### Assigned task
Every picture should be left out, but the lines below must be repeated exactly.

(Text-to-region grounding data)
·····
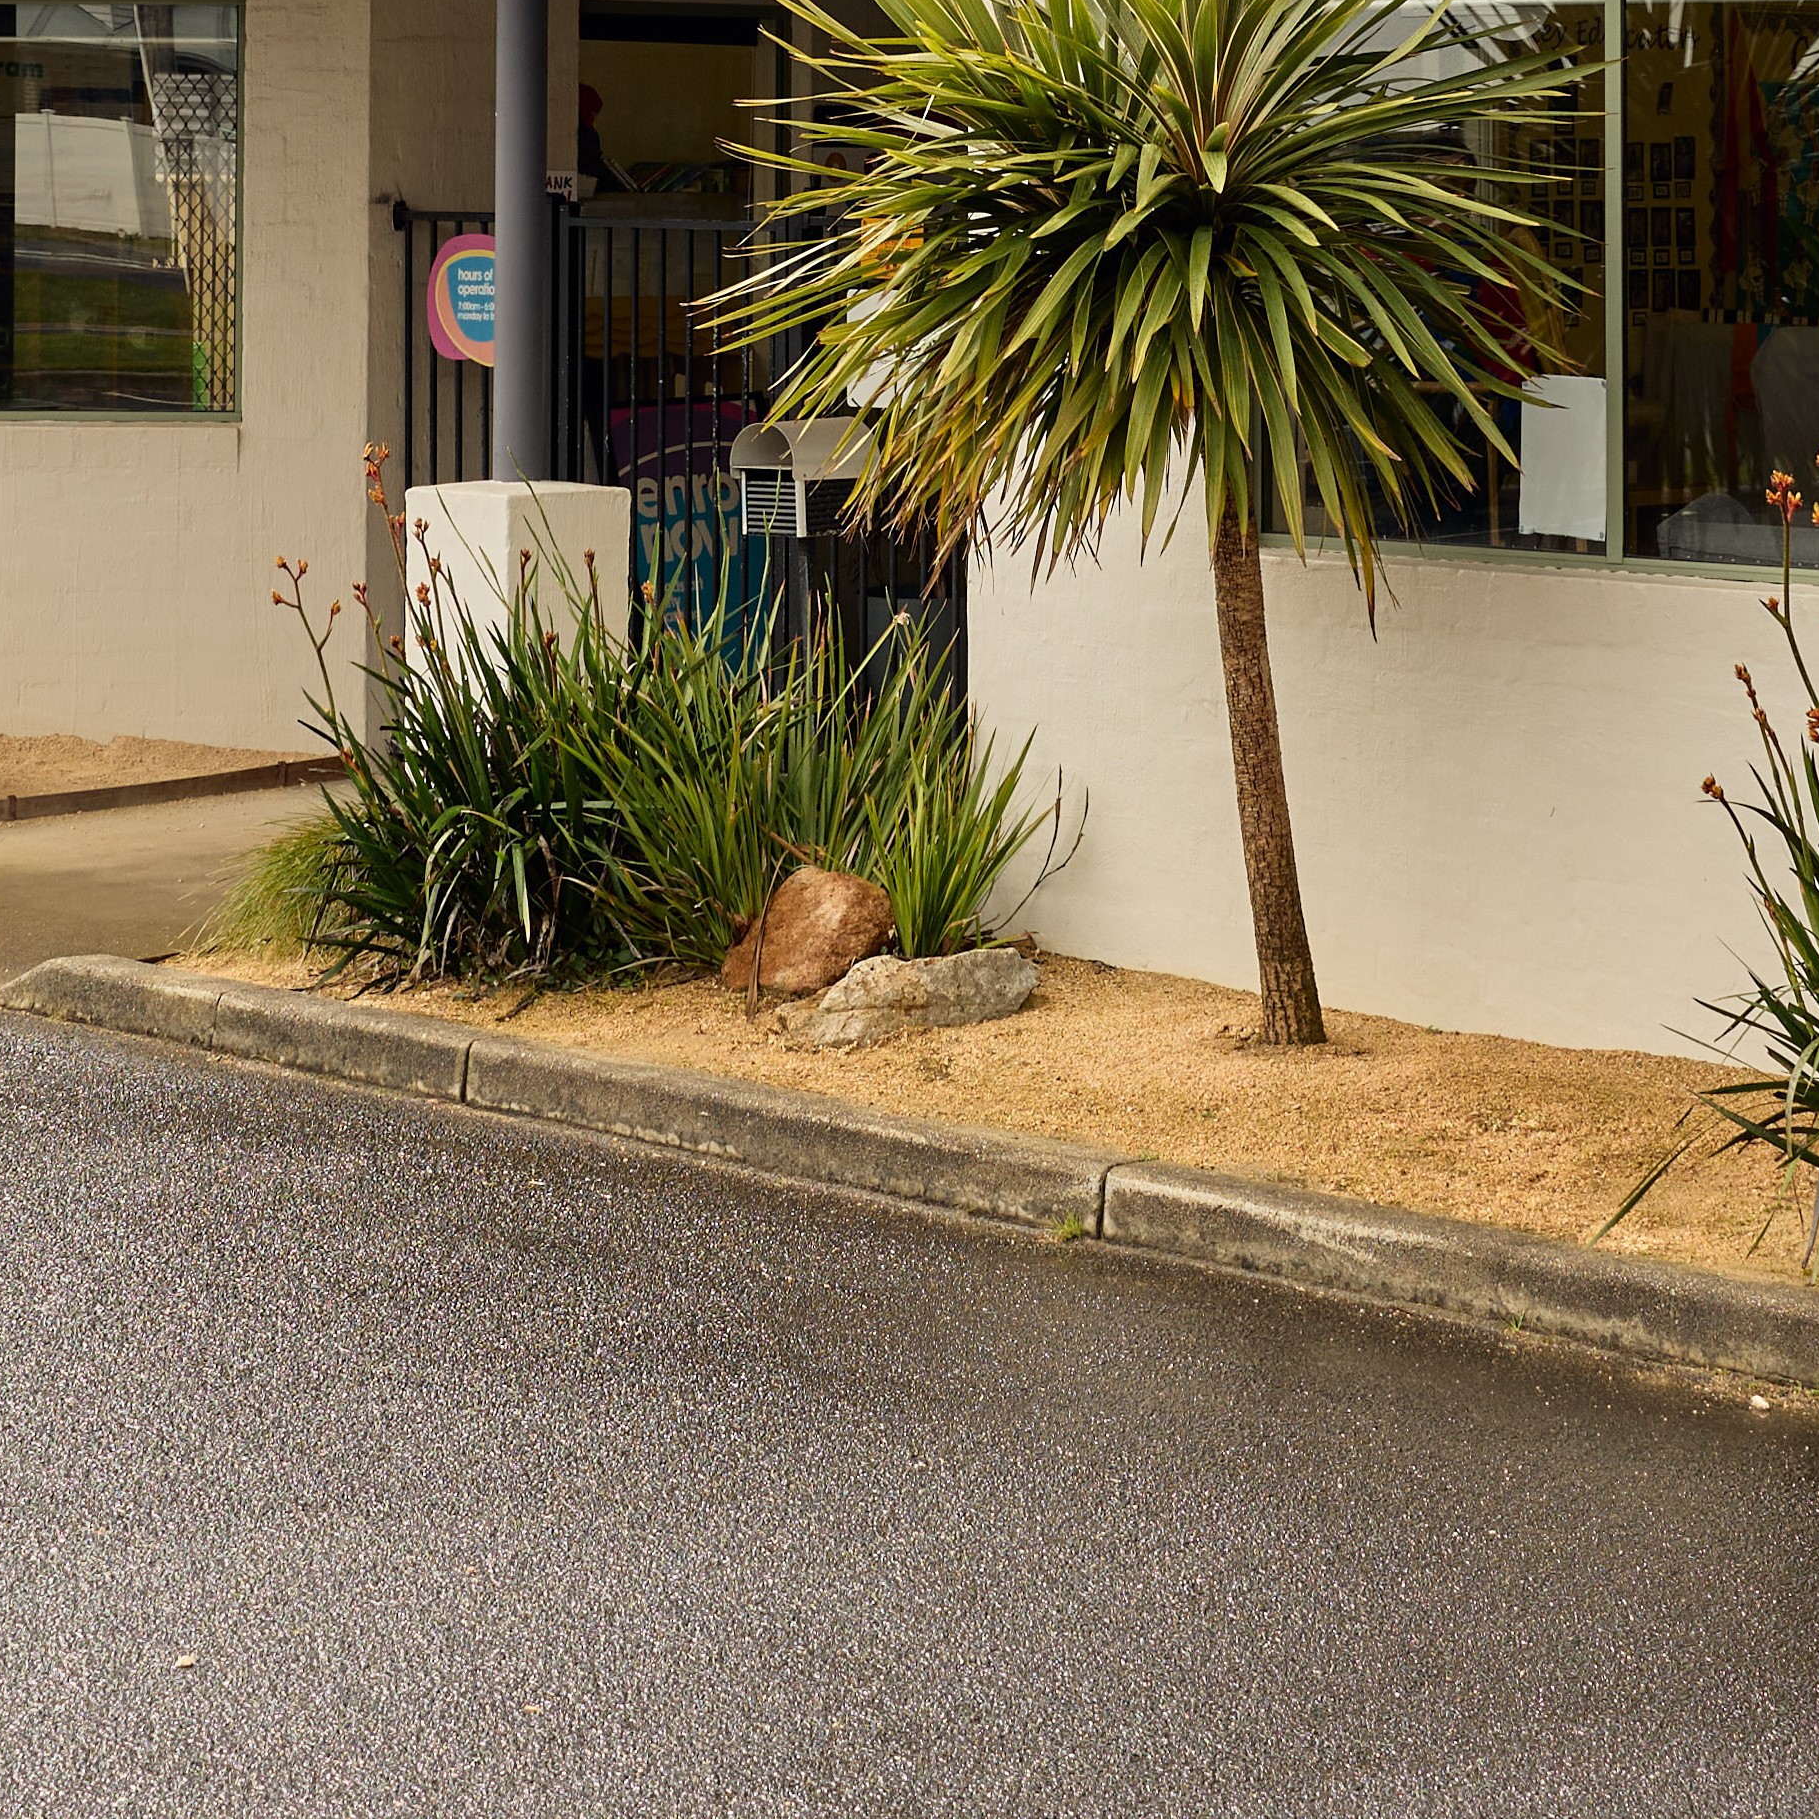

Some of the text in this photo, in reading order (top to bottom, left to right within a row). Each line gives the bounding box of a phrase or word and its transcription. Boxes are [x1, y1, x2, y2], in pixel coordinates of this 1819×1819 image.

[545, 176, 572, 189] ANK
[458, 268, 493, 281] hours of
[458, 283, 495, 297] operatio
[637, 471, 740, 518] enro
[640, 516, 739, 564] now
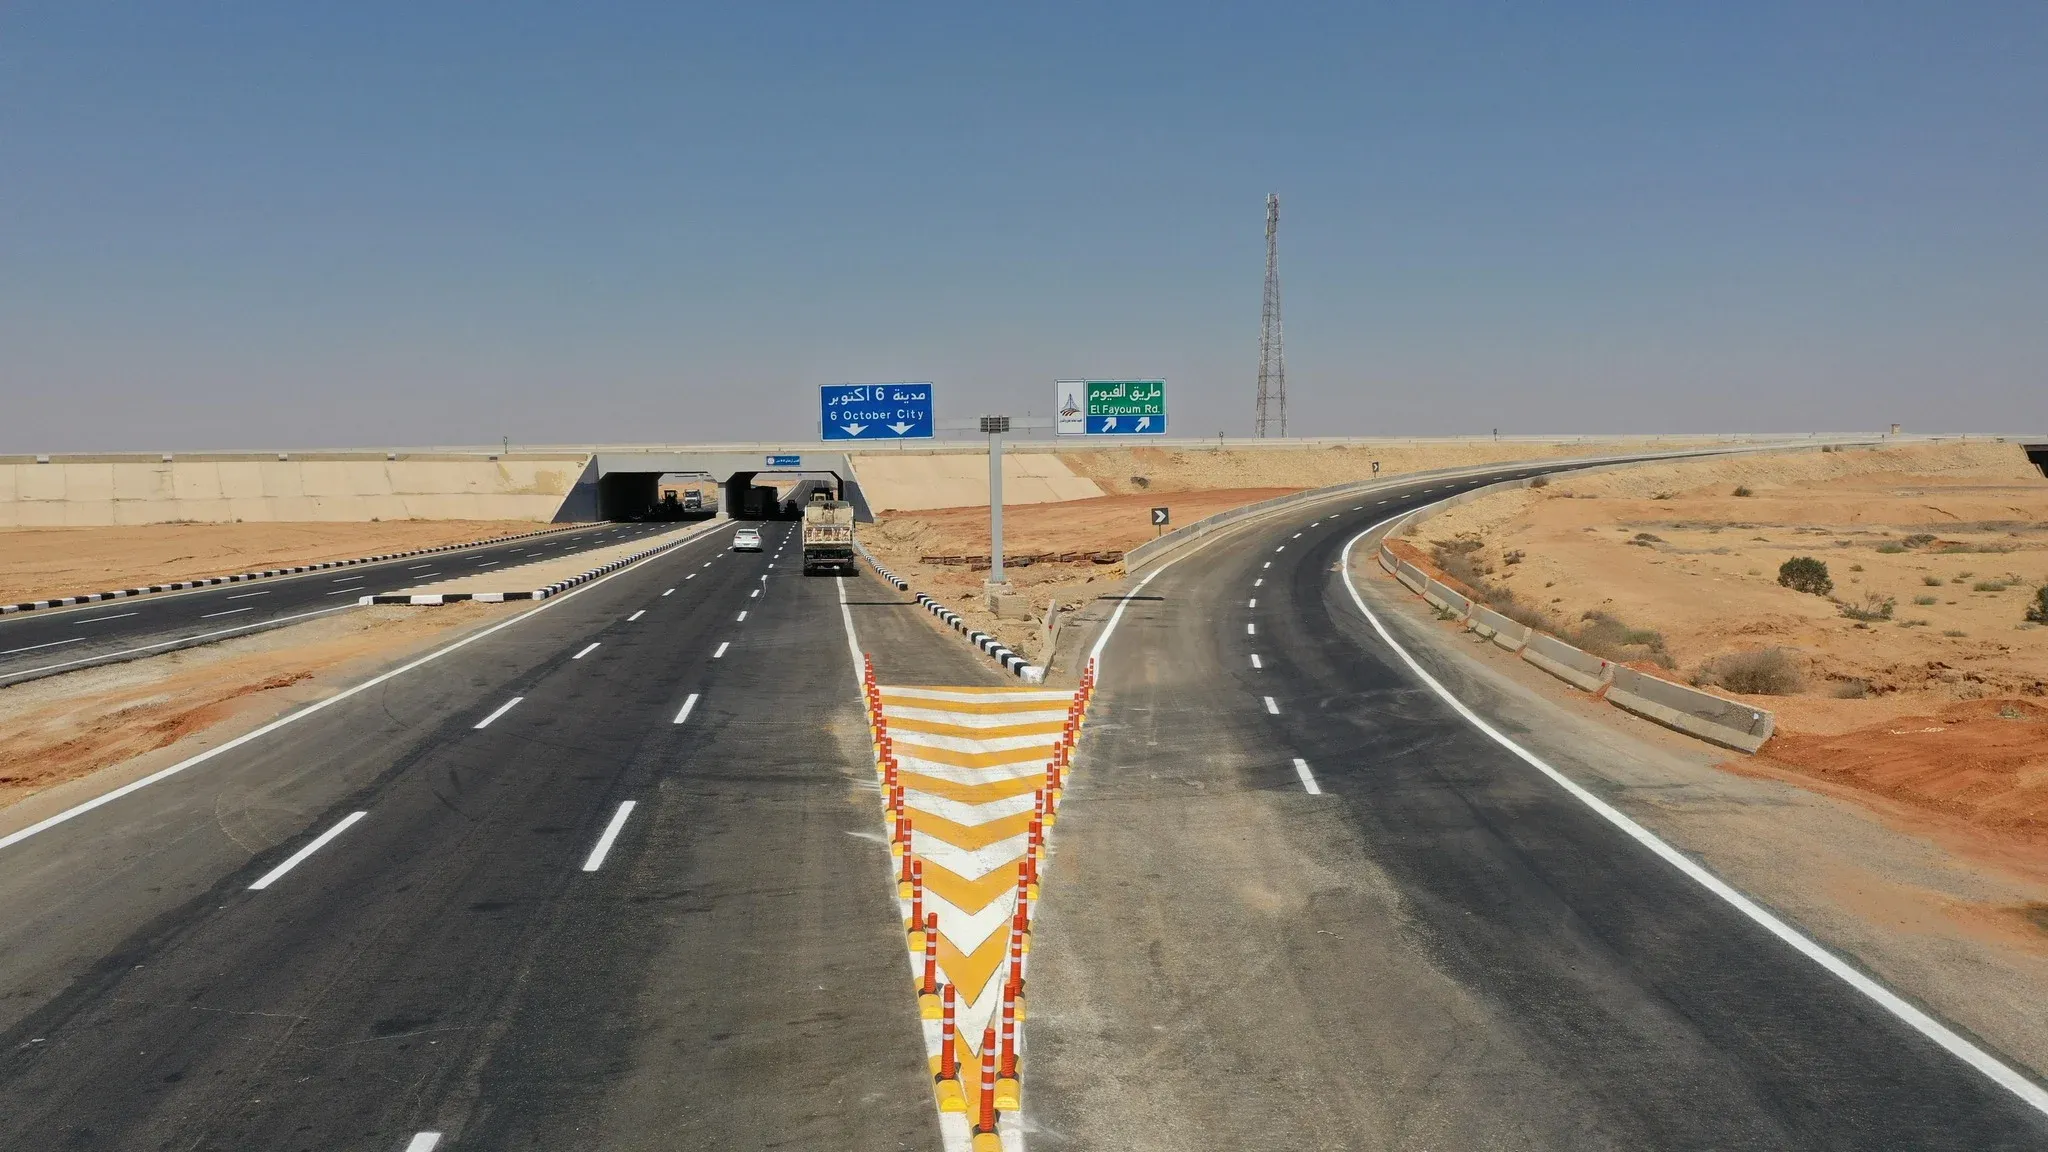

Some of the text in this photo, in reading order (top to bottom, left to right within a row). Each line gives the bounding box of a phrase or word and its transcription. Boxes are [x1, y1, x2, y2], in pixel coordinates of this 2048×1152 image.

[875, 387, 885, 401] 6
[893, 388, 926, 404] مدينة
[1090, 383, 1160, 401] طريق الفيوم
[830, 409, 924, 421] 6 October City
[1090, 404, 1160, 416] El Fayoum Rd.
·····
### Solution to the problem
Some of the text in this photo, in reading order (top to bottom, left to right within a row). Each line gives the bounding box of a phrase or word and its transcription. Boxes are [x1, y1, x2, y2], in pixel coordinates of this 1819×1819 image.

[545, 176, 572, 189] ANK
[458, 268, 493, 281] hours of
[458, 283, 495, 297] operatio
[637, 471, 740, 518] enro
[640, 516, 739, 564] now

Some of the text in this photo, in reading order (top to bottom, left to right within a row). Each line gives the bounding box of a phrase or word and its transcription. Boxes are [x1, y1, x2, y2], in pixel coordinates of this 2048×1152 image.

[875, 387, 885, 401] 6
[893, 388, 926, 404] مدينة
[1090, 383, 1160, 401] طريق الفيوم
[830, 409, 924, 421] 6 October City
[1090, 404, 1160, 416] El Fayoum Rd.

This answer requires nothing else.